> [Data listing]:

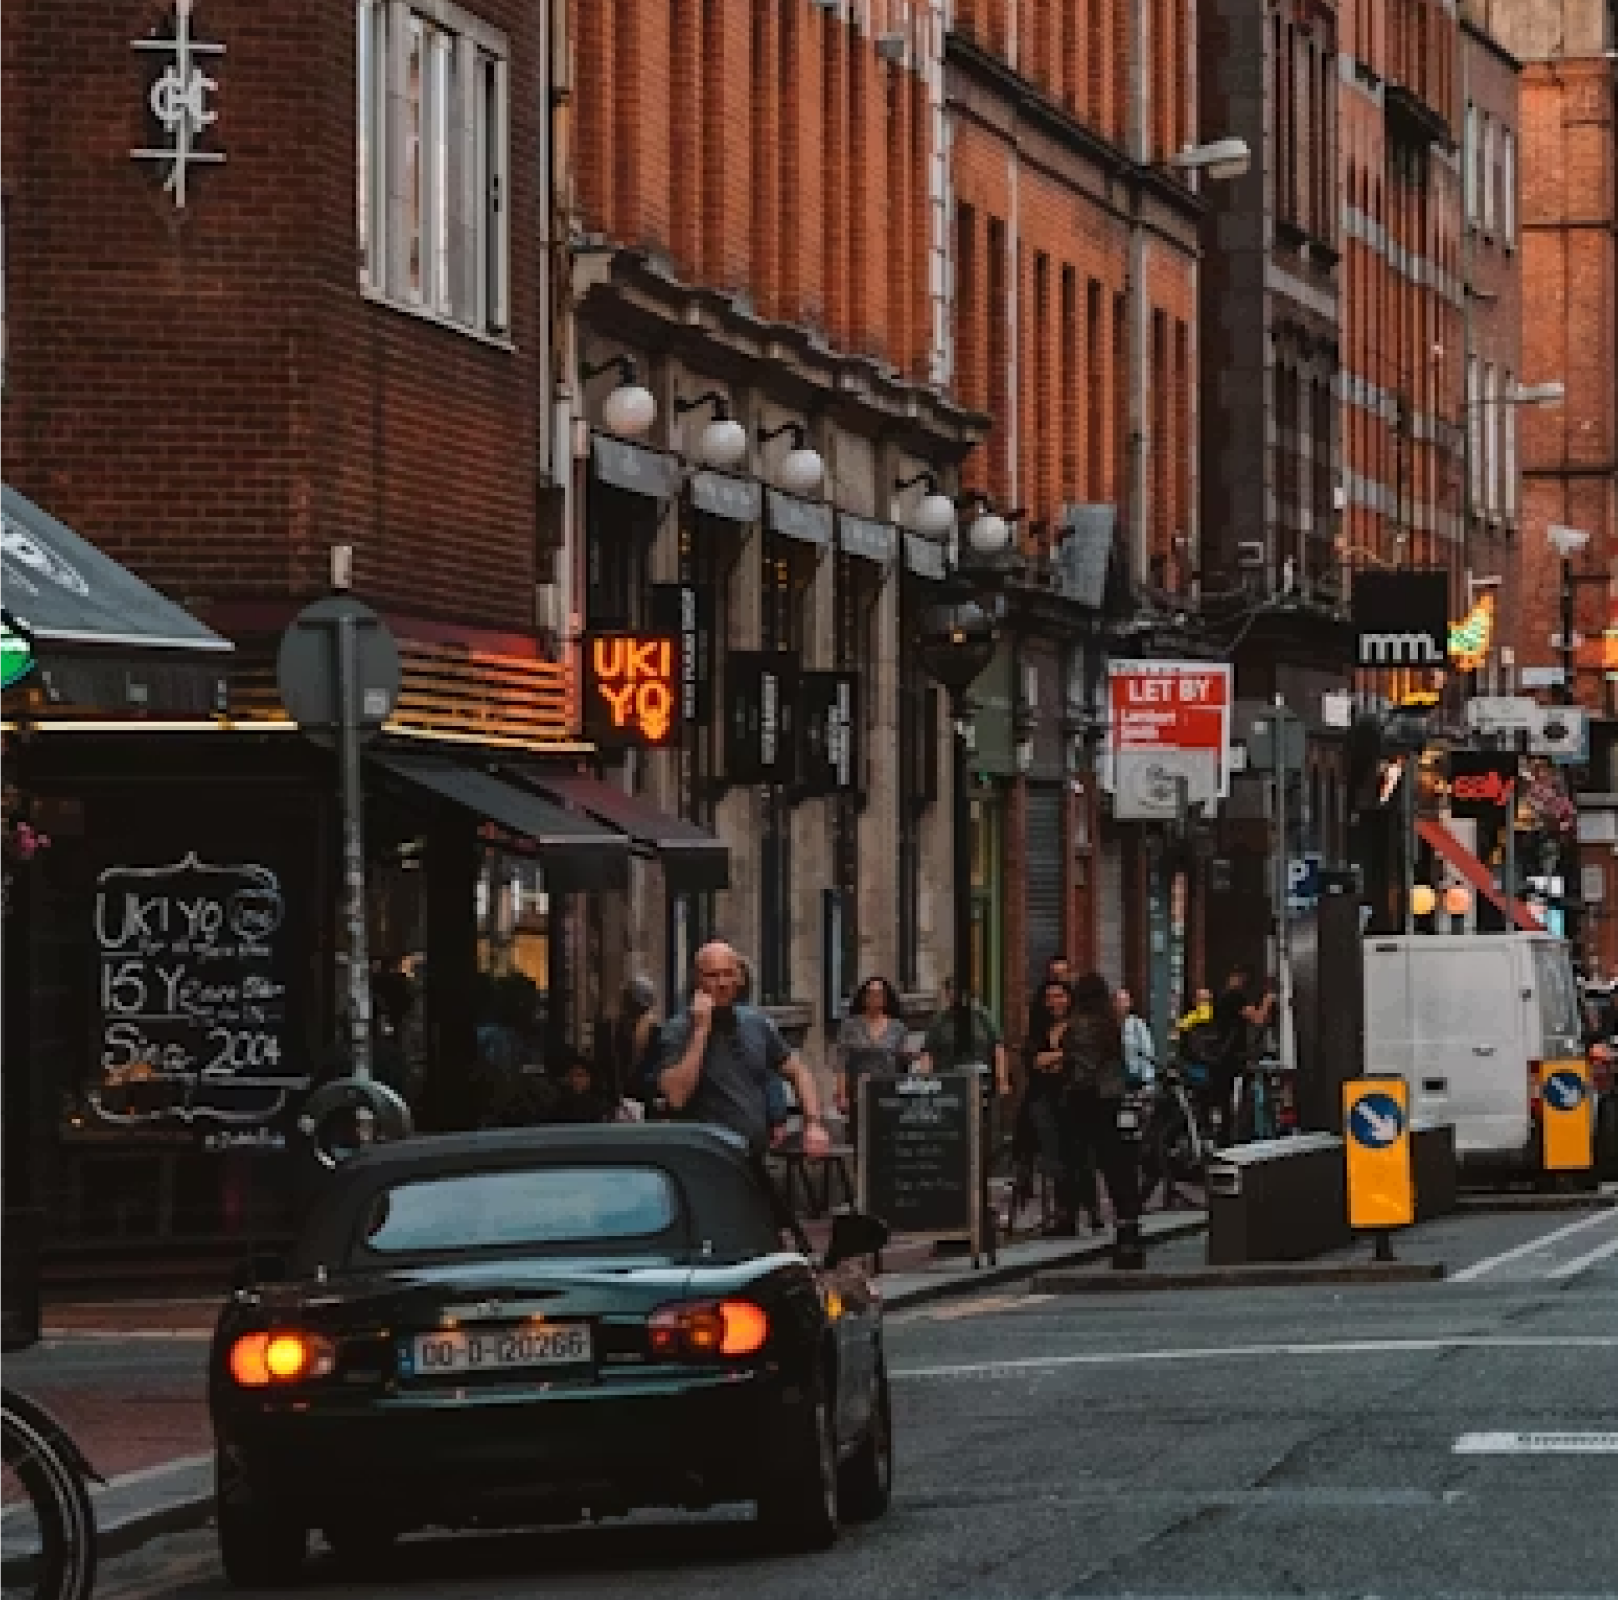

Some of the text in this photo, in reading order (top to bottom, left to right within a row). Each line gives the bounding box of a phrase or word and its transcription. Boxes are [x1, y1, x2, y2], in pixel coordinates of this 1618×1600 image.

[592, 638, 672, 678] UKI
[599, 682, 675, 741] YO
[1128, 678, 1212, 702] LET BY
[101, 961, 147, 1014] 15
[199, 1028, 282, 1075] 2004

> [About this exercise]: Write out each entry exactly, images excluded.

> [Exercise output]:
Some of the text in this photo, in reading order (top to bottom, left to right within a row). Each line gives the bounding box of a phrase or word and its transcription. Boxes are [x1, y1, x2, y2], in pixel coordinates of this 1618×1600 image.

[592, 638, 672, 678] UKI
[599, 682, 675, 741] YO
[1128, 678, 1212, 702] LET BY
[101, 961, 147, 1014] 15
[199, 1028, 282, 1075] 2004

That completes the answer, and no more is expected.